Մատչելիության հղումներ

Government To Unveil Promised Anti-Corruption Plan ‘In 3 Months’


By Karine Kalantarian
The Armenian government, facing mounting pressure from Western lending institutions, will adopt a long-awaited strategy of combating corruption within the next three months, a senior lawmaker said on Tuesday.

“I think that it will be possible to finalize that program in two or three months’ time,” Tigran Torosian, the deputy speaker of the Armenian parliament, told RFE/RL.

Torosian said the anti-corruption plan will be made public this year despite a decision by the three parties making up the ruling coalition to intervene in the ongoing work of government experts who were tasked with drawing it up more than two years ago.

Torosian’s Republican Party (HHK), the Armenian Revolutionary Federation (Dashnaktsutyun) and the Orinats Yerkir Party have set up recently a joint task force that will put together their ideas of how to tackle graft and have them incorporated into the promised program. The three-party group held its first meeting on Monday and is expected to submit its proposals by the end of this month.

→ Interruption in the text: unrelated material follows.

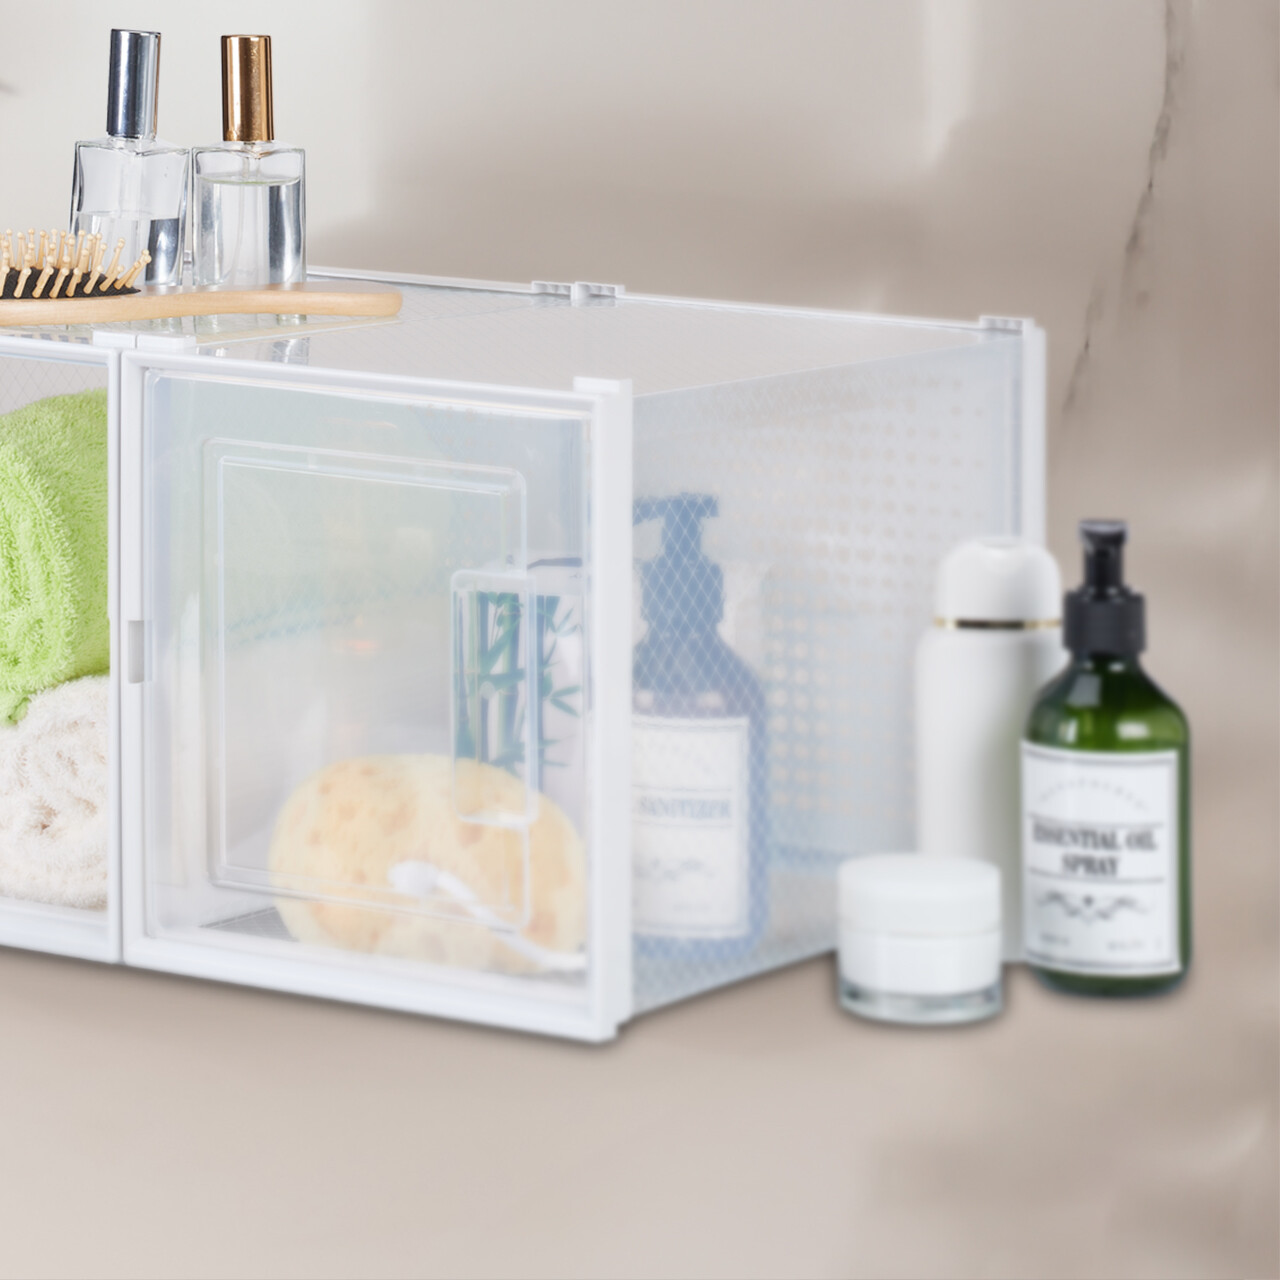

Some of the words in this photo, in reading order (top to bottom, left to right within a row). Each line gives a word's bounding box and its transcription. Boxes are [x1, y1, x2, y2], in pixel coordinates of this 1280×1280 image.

“I think that apart from submitting proposals, the three parties must also shoulder political responsibility for the program’s implementation,” Torosian said.

The program’s adoption, repeatedly delayed over the past year, is now one of the main conditions for the release of more loans from the World Bank and the International Monetary Fund. Both institutions consider rampant bribery, nepotism and other corrupt practices a serious obstacle to Armenia’s economic development. The work of the government experts is funded by a $340,000 grant provided by the World Bank in late 2001.

Fighting corruption has been one of the main stated goals of successive Armenian governments. The current prime minister, Andranik Markarian, pledged to do so in a “merciless” fashion when he took over in May 2000. Similar pledges were given by President Robert Kocharian during his reelection campaign earlier this year.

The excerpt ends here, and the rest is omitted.